In this talk, we will explain our general approach to the problem and our "trust management system," called PolicyMaker.
Key ideas that inform our approach include:
Unified mechanism: Policies, credentials, and trust relationships are expressed as programs in a simple programming language. Existing systems are forced to treat these concepts separately. By providing a common language for policies, credentials, and relationships, we make it possible for diverse network applications to handle trust management in a comprehensive and largely transparent manner.
Separation of mechanism from policy: The mechanism for verifying credentials does not depend on the credentials themselves or the semantics of the applications that use them. This allows many different applications with widely varying policy requirements to share a single certificate verification infrastructure.
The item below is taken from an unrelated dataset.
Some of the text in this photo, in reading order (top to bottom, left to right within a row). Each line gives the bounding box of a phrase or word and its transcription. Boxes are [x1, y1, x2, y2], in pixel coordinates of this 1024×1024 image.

Flexibility: Our system is expressively rich enough to support the complex trust relationships that can occur in the very large-scale network applications currently being developed. At the same time, simple and standard policies, credentials, and relationships can be expressed succinctly and comprehensibly. In particular, PGP and X.509 "certificates" need only trivial modifications to be usable in our framework.
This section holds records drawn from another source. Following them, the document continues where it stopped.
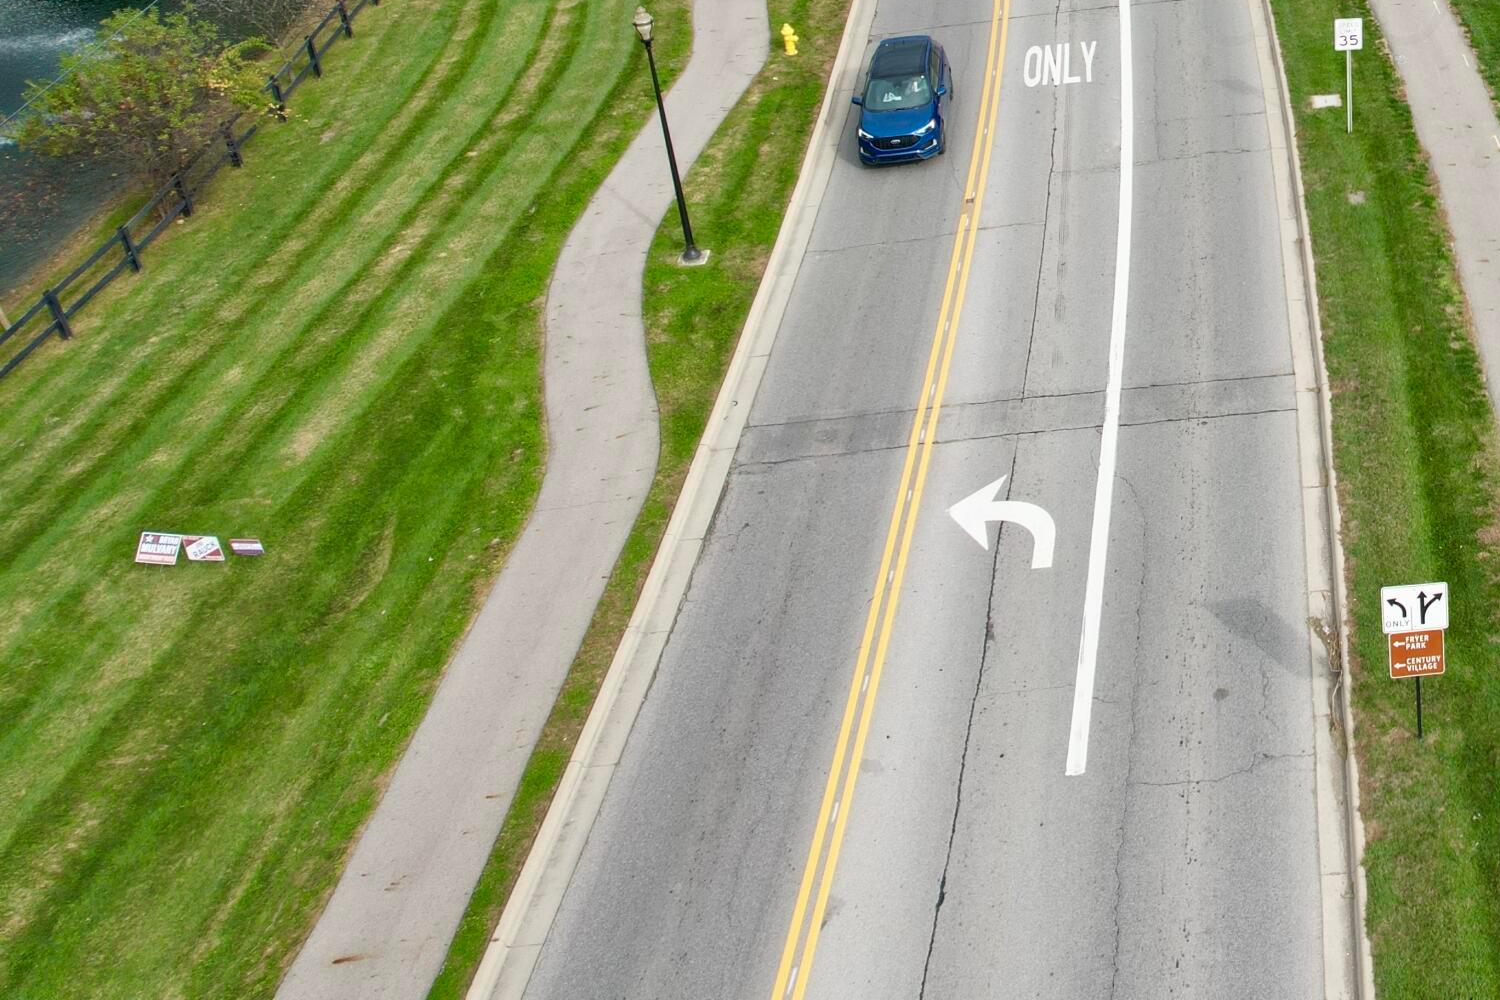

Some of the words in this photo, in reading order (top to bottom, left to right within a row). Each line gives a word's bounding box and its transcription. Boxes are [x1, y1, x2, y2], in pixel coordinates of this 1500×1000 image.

[1339, 34, 1359, 46] 35
[1023, 40, 1097, 88] ONLY
[1386, 619, 1410, 628] ONLY
[1405, 634, 1429, 643] FRYER
[1406, 642, 1426, 651] PARK
[1406, 655, 1441, 665] CENTURY
[1406, 662, 1438, 672] VILLAGE
Locality of control: Each party in the network can decide in each circumstance whether to accept the credentials presented by a second party or, alternatively, on which third party it should rely for the appropriate "certificate."
PolicyMaker is now being used to manage trust in several applications, including email, electronic licensing, and Internet content-labelling.
[BFL] M. Blaze, J. Feigenbaum, and J. Lacy, "Decentralized Trust Management," IEEE Symposium on Security and Privacy, Oakland CA, May 1996.